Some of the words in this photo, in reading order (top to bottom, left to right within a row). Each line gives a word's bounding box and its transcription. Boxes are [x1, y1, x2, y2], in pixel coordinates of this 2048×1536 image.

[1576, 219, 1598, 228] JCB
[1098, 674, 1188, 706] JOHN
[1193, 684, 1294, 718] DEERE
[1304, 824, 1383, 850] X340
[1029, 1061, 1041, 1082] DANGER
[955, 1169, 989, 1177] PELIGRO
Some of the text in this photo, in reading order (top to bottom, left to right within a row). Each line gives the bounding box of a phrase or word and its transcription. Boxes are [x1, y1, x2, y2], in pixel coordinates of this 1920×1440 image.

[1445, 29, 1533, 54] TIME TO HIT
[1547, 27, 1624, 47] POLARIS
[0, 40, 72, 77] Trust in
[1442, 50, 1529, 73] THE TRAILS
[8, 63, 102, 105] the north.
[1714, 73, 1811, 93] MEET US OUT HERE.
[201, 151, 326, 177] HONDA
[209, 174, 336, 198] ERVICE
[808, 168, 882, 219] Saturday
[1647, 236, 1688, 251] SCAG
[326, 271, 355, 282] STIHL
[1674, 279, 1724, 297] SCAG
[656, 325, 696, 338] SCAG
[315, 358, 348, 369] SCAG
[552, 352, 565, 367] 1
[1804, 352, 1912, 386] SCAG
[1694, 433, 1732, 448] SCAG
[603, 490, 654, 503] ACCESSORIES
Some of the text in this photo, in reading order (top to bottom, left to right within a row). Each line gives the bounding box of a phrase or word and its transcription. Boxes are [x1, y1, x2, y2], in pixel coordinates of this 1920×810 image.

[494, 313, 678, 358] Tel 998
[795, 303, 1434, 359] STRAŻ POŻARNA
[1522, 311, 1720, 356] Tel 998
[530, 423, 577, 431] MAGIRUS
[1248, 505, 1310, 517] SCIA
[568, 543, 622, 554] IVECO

• **AIM OF THE TASK**
Reproduce the entries exactly, each one as given.

• **ANSWER SECTION**
Some of the words in this photo, in reading order (top to bottom, left to right within a row). Each line gives a word's bounding box and its transcription. Boxes are [x1, y1, x2, y2], in pixel coordinates of this 2048×1536 image.

[1576, 219, 1598, 228] JCB
[1098, 674, 1188, 706] JOHN
[1193, 684, 1294, 718] DEERE
[1304, 824, 1383, 850] X340
[1029, 1061, 1041, 1082] DANGER
[955, 1169, 989, 1177] PELIGRO
Some of the text in this photo, in reading order (top to bottom, left to right within a row). Each line gives the bounding box of a phrase or word and its transcription. Boxes are [x1, y1, x2, y2], in pixel coordinates of this 1920×1440 image.

[1445, 29, 1533, 54] TIME TO HIT
[1547, 27, 1624, 47] POLARIS
[0, 40, 72, 77] Trust in
[1442, 50, 1529, 73] THE TRAILS
[8, 63, 102, 105] the north.
[1714, 73, 1811, 93] MEET US OUT HERE.
[201, 151, 326, 177] HONDA
[209, 174, 336, 198] ERVICE
[808, 168, 882, 219] Saturday
[1647, 236, 1688, 251] SCAG
[326, 271, 355, 282] STIHL
[1674, 279, 1724, 297] SCAG
[656, 325, 696, 338] SCAG
[315, 358, 348, 369] SCAG
[552, 352, 565, 367] 1
[1804, 352, 1912, 386] SCAG
[1694, 433, 1732, 448] SCAG
[603, 490, 654, 503] ACCESSORIES
Some of the text in this photo, in reading order (top to bottom, left to right within a row). Each line gives the bounding box of a phrase or word and its transcription. Boxes are [x1, y1, x2, y2], in pixel coordinates of this 1920×810 image.

[494, 313, 678, 358] Tel 998
[795, 303, 1434, 359] STRAŻ POŻARNA
[1522, 311, 1720, 356] Tel 998
[530, 423, 577, 431] MAGIRUS
[1248, 505, 1310, 517] SCIA
[568, 543, 622, 554] IVECO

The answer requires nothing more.